This Python program takes in a text file and determines whether the contents classify it as a spam, or not spam email.
The aim of this program was to be able to read the contents of the text file and based on each word, determine the level of spam, incrementing as spam words are encountered. The project constraints were to try to build this without any external libraries, just pure Python.
As of December 2025, this project is deployed live through Streamlit. You can test it via the link below!
Project restrictions: May only use built-in Python modules/packages
I decided to use a CSV file sourced from Kaggle.com that consisted of spam and not spam emails, and the a url to the raw CSV.
Each email message is associated with a binary label, where "1" indicates that the email is spam, and "0" indicates that it is not spam. Total emails in the set is 5695. This is the reference link to the dataset as retrieved from Kaggle.
I then trained a Naive Bayes classifier to grab all words in the dataset, (also storing a list of unique words in a set) and depending on whether the email was classified as spam or not spam, calculate the probability of the word being spam. This was, naturally, achieved using the Naive Bayes probability formula. This also significantly reduced the risk for false flags.
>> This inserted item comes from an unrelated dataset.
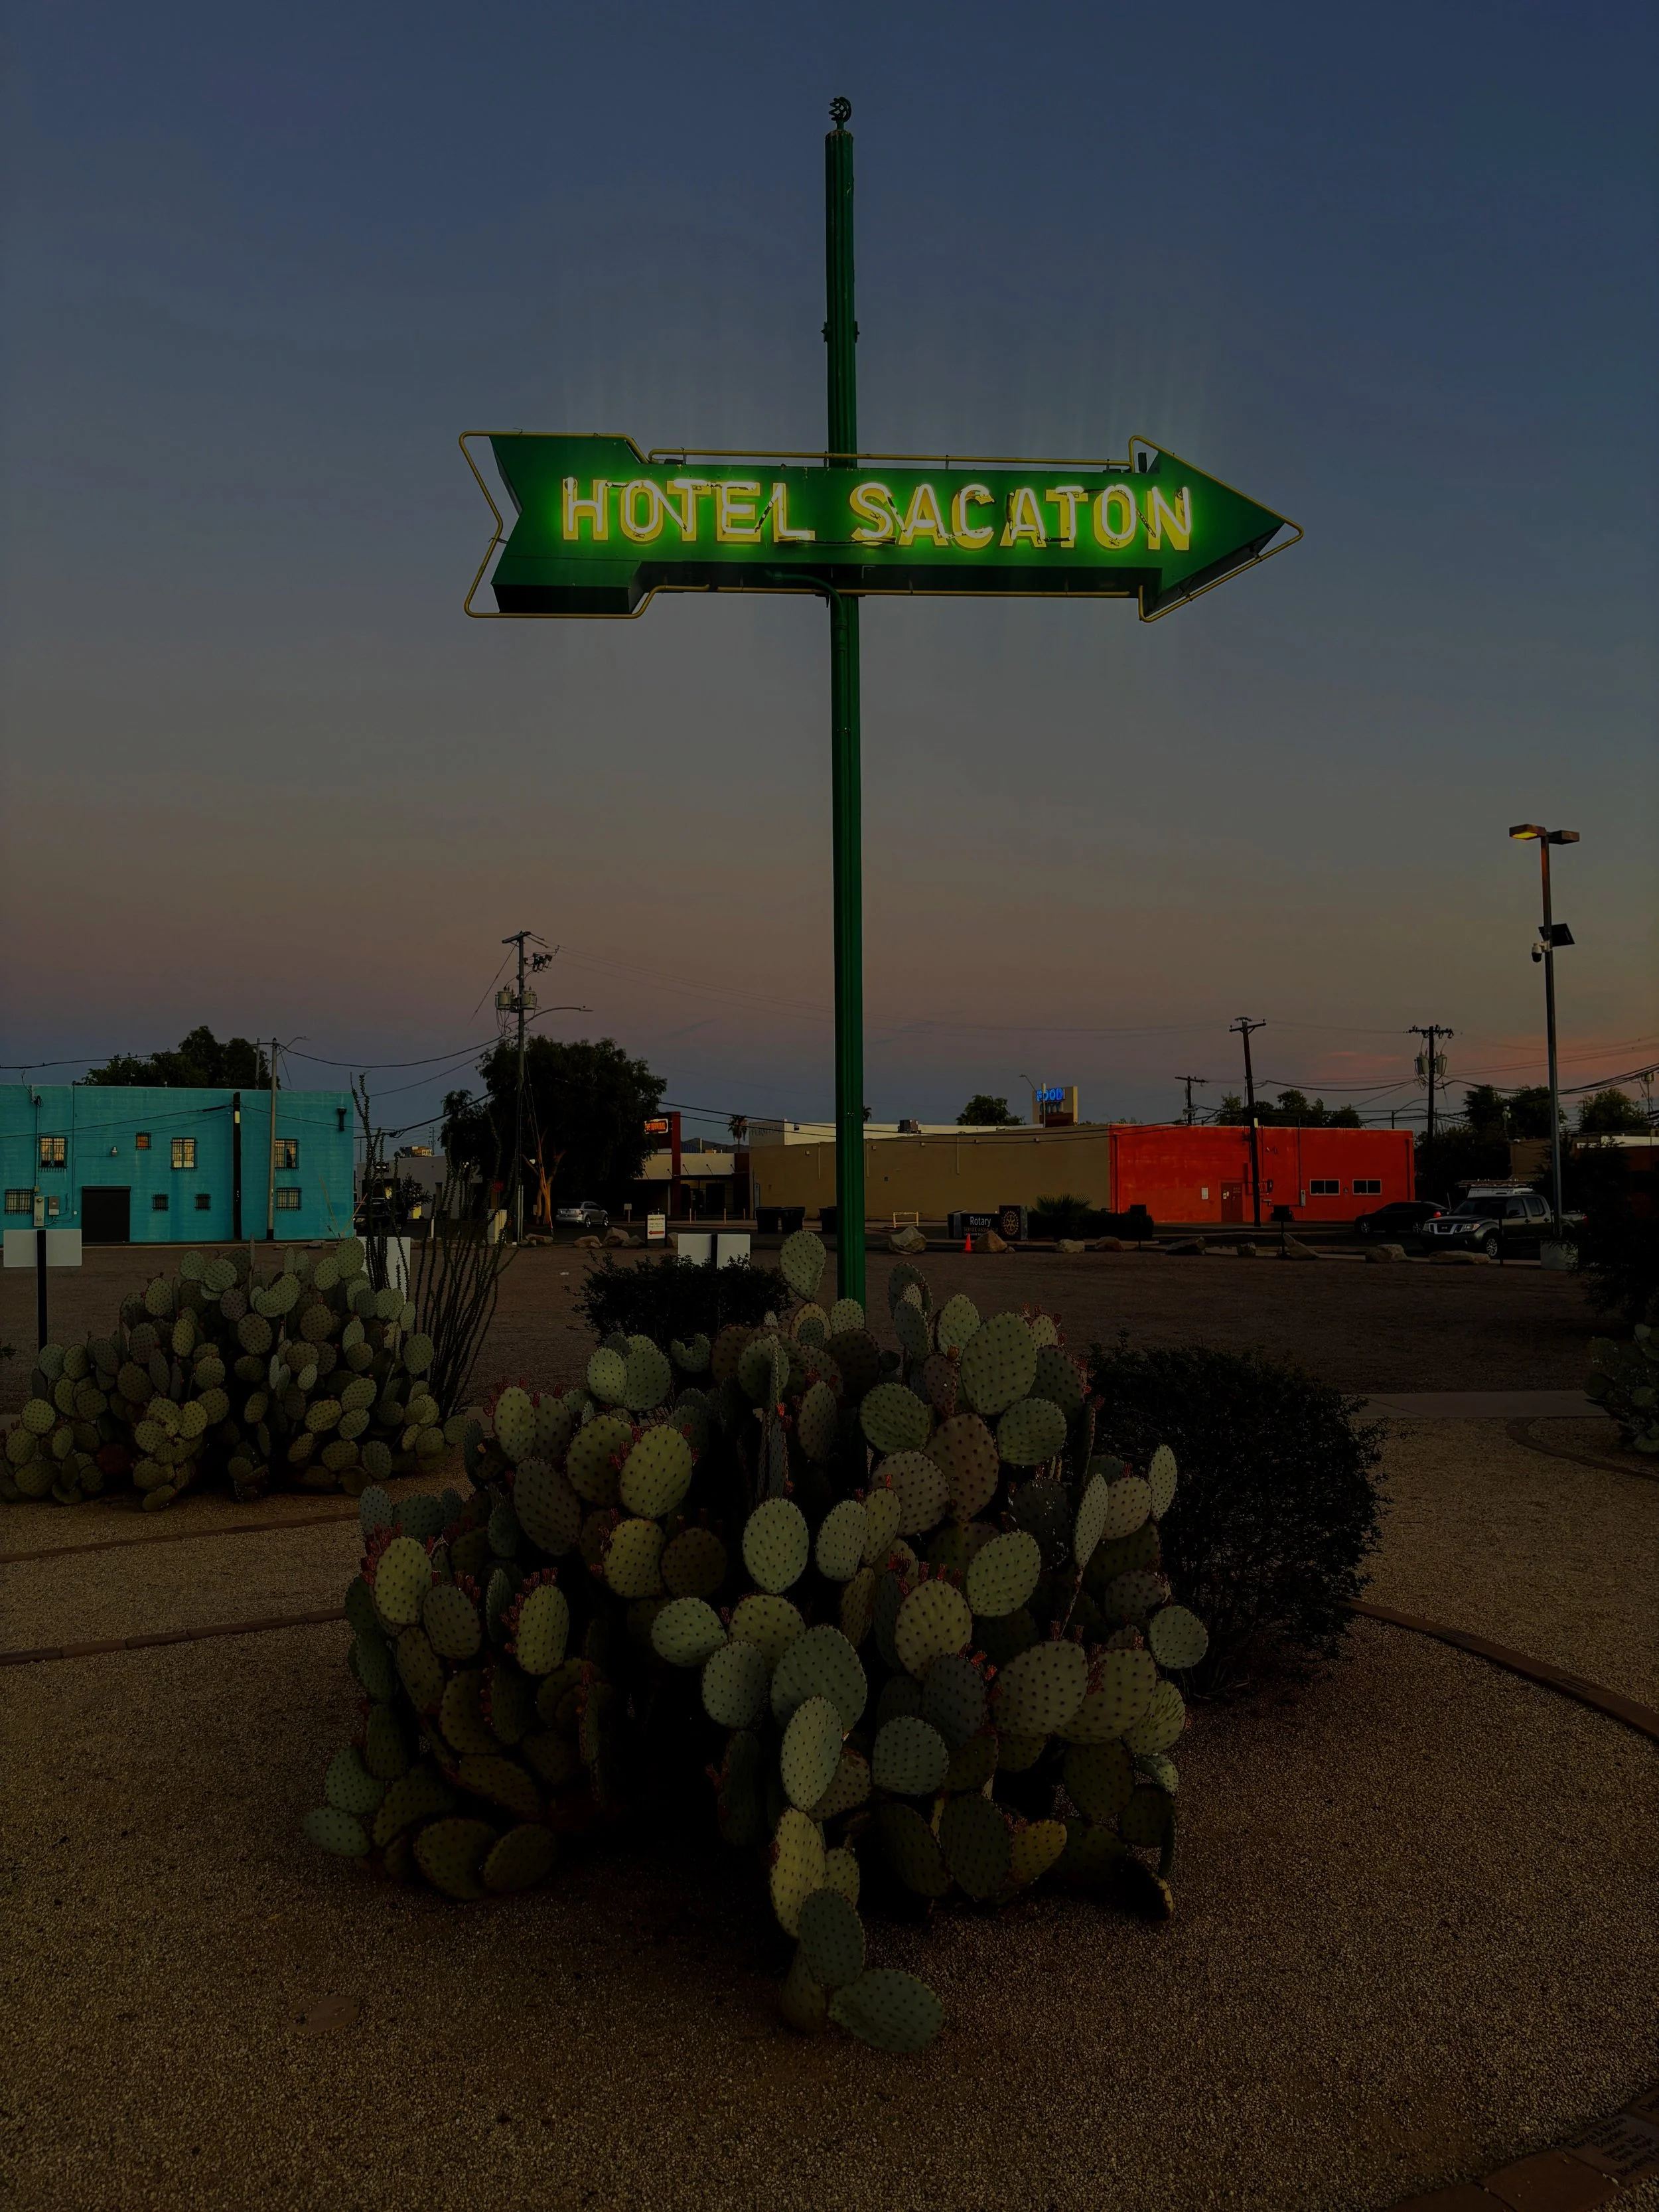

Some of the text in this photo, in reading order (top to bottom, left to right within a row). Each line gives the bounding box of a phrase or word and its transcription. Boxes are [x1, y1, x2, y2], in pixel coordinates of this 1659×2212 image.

[562, 477, 1192, 552] HOTEL SACATON
[1037, 1088, 1064, 1102] FOOD
[970, 1216, 991, 1228] Rotary
Other implementation strategies I used were cleaning the data strings with regex. I opted not to remove stop words and omit using lemmatization (as commonly used in spam email detection) because I felt that the size of my dataset, would overcome the need for this, and it would therefore not be necessary.
Most of my debugging was tweaking errors in my probability calculations, however I am proud to say that this program correctly identifies 98.0% of spam emails as spam, and 98.0% of not spam emails as not spam.
- Deployment to live website
- [] Update classifier to allow the user to choose between spam detection or sentiment analysis
Try it live! Clone the repository:
`$ git clone https://github.com/lavanya-vanwyk/spam-detection
Enter the project directory:
cd spam-detection
Open spam.py in your IDE of choice. Your device must be connected to the internet on the first run in order to build the model from the url.